Re: xlog_write: reservation ran out

[Date Prev][Date Next][Thread Prev][Thread Next][Date Index][Thread Index]

 



On 4/28/2017 1:56 PM, Ming Lin wrote:
> I'm new to xfs code.
> 
> Search  XFS_TRANS_INACTIVE and the usage is like below,
> 
> xfs_trans_alloc(mp, XFS_TRANS_INACTIVE);
> xfs_trans_reserve(tp, &M_RES(mp)->tr_itruncate, 0, 0);
> 
> xfs_trans_alloc(mp, XFS_TRANS_INACTIVE);
> xfs_trans_reserve(tp, &M_RES(mp)->tr_ifree, XFS_IFREE_SPACE_RES(mp), 0);
> 
> seems tr_remove is not related.
> I'll just try to enlarge the reservation for tr_itruncate and tr_ifree.
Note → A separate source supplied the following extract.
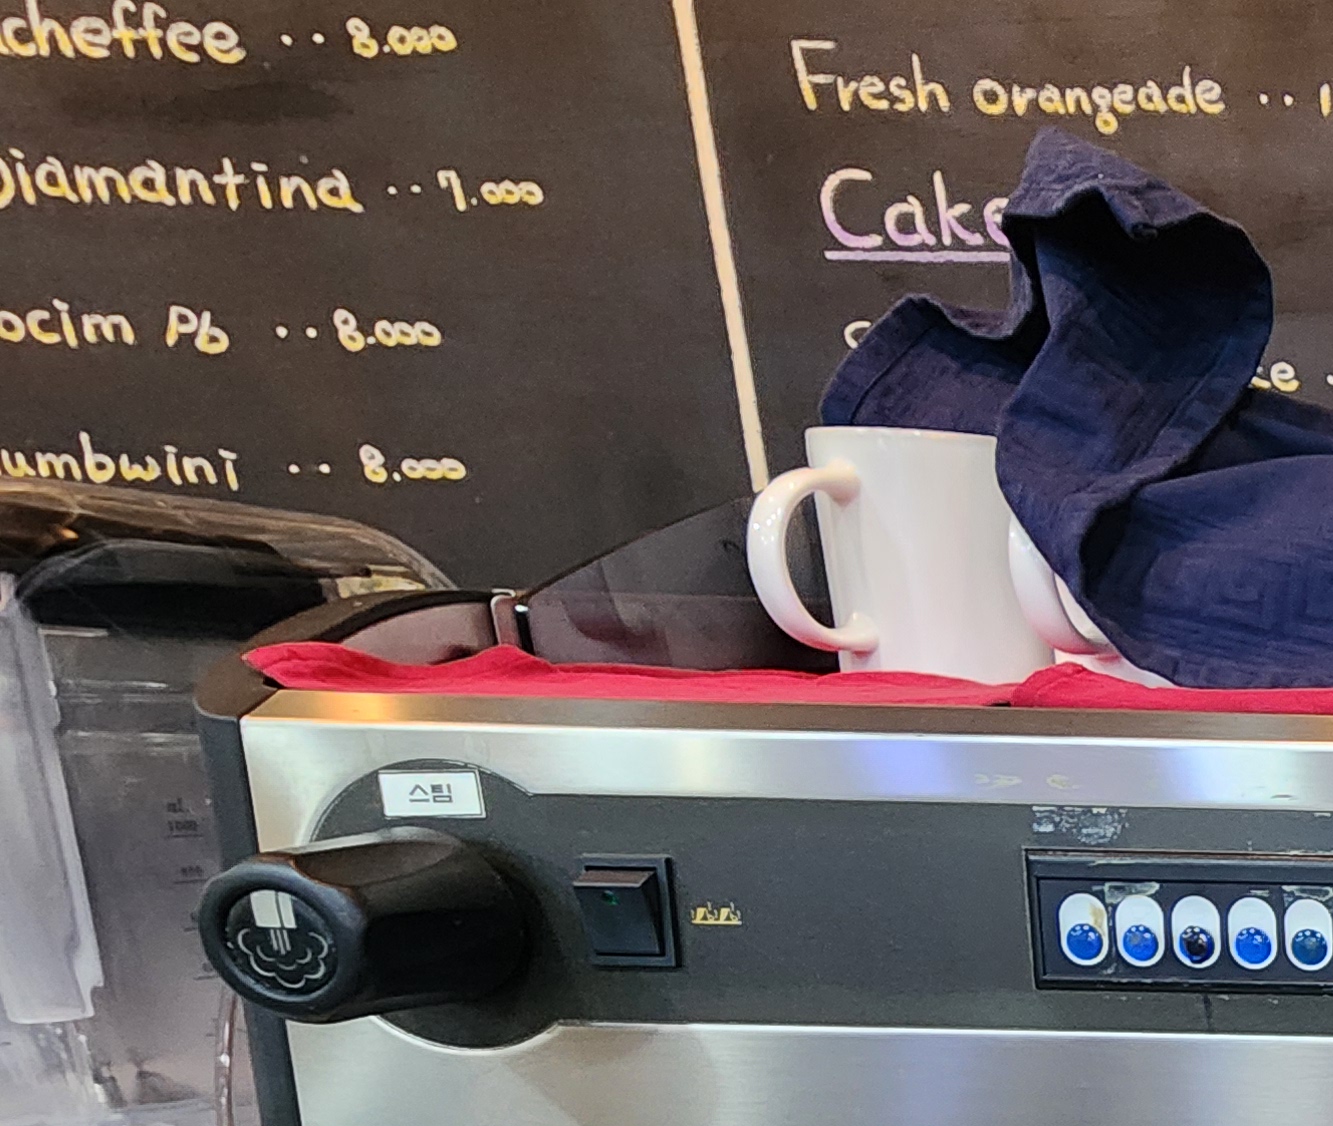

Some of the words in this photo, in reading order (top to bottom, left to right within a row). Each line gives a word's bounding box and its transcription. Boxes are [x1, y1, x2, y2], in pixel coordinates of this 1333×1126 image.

Now things are a little bit more clear. I tried below debug patch.
The t_decrease[] array was used to track where the space was used.

 fs/xfs/libxfs/xfs_trans_resv.c |  4 ++--
 fs/xfs/xfs_log.c               | 23 ++++++++++++++++++++---
 fs/xfs/xfs_log_cil.c           |  8 ++++++++
 fs/xfs/xfs_log_priv.h          |  3 +++
 fs/xfs/xfs_super.c             |  1 +
 5 files changed, 34 insertions(+), 5 deletions(-)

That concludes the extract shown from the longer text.